Em outros textos do Por Quê? explicamos o que são externalidades no contexto da economia ambiental (situações em que decisões de um indivíduo ou firma afetam o coletivo, mas cujo preço não reflete o custo social para os demais).

Atualmente, o mundo encontra-se em uma situação de emergência climática que pode ser entendida como consequência global de diversas escolhas sobre externalidades feitas no passado. É importante fazer aqui um breve parêntese para lembrar que podemos mesmo falar que essa crise climática é atual (e não algo que vai acontecer num futuro distante e que será problema das novas gerações), pois vários efeitos climáticos já começaram aparecer nos últimos anos, como aumento de doenças relacionadas à poluição do ar, declínio da biodiversidade ou maior incidência de eventos extremos relacionados ao clima, como secas e enchentes.

Um economista entende esses eventos extremos como o resultado de um conjunto de atividades econômicas que, no passado, emitiram os gases de efeito estufa na atmosfera, sem que os responsáveis levassem em conta o efeito negativo das emissões, já que não havia custos ou penalidades.
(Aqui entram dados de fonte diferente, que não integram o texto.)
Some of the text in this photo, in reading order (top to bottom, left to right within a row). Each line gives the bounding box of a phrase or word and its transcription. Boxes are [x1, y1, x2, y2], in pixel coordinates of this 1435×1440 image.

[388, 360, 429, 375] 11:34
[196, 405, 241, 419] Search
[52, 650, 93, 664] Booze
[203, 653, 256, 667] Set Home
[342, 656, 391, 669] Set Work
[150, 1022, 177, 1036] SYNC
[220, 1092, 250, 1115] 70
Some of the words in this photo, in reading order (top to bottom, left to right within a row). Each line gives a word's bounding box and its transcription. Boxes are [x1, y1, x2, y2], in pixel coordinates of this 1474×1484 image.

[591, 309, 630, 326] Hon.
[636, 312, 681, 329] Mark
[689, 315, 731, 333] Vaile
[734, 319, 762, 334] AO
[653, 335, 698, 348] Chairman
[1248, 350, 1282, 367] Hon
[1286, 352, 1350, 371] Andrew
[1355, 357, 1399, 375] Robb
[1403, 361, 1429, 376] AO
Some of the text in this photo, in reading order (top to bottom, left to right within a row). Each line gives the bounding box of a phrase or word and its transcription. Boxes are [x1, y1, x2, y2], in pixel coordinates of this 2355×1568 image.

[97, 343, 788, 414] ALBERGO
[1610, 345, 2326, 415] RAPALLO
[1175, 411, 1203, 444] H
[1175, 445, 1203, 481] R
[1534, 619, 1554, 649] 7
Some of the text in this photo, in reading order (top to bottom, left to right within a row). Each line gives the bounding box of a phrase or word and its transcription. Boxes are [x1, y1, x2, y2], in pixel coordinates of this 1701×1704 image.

Entender externalidades é muito importante para pensar o Brasil no contexto climático. Ao contrário do que ocorre com países desenvolvidos como os Estados Unidos e os estados-membros da União Europeia, a maior parte das emissões brasileiras não vem de emissões de combustíveis fósseis ou do setor de transporte/energia.

Na verdade, mais de 80% das emissões do Brasil da última década podem ser atribuídas ao setor de mudanças do uso do solo e da terra (como desmatamento) e à agricultura. Atualmente as emissões desse setor colocam o Brasil como o quarto no mundo em ranking de emissão de gases de efeito estufa.¹

Ou seja, decisões do governo brasileiro sobre quanto desmatar ou quanto ser leniente com regras de preservação ambiental têm um impacto global (porque estamos falando de externalidades, e decisões em nível local sobre emissões têm consequências que não ficam restritas a fronteiras geográficas). Isso explica por que nas últimas décadas o Brasil aparece em tamanha evidência no debate climático, e por que tantos olhos se voltam para cá em conferências do clima como a COP.

Certamente, falar sobre a contribuição negativa das emissões de carbono brasileiras para o ecossistema da Terra não é nenhuma novidade. Discussões sobre como evitar uma crise climática de forma global já existem há décadas (são bem mais velhas que a juventude do ativismo ambiental, como Greta Thumberg).

Mas por que então o Brasil e os países que emitem tantos gases não fizeram nada no passado para evitar a situação de emergência climática de hoje? Por que não foram usados mais amplamente os mecanismos para que essas emissões tivessem custos/penalidades, e isso fosse incorporado no cálculo econômico?

Além de permeada por externalidades, a discussão sobre o clima está repleta de trade-offs. Trade-off é uma expressão que os economistas usam bastante, e significa o ato de escolher uma coisa em detrimento de outra. Podemos traduzir como um “perde-e-ganha”.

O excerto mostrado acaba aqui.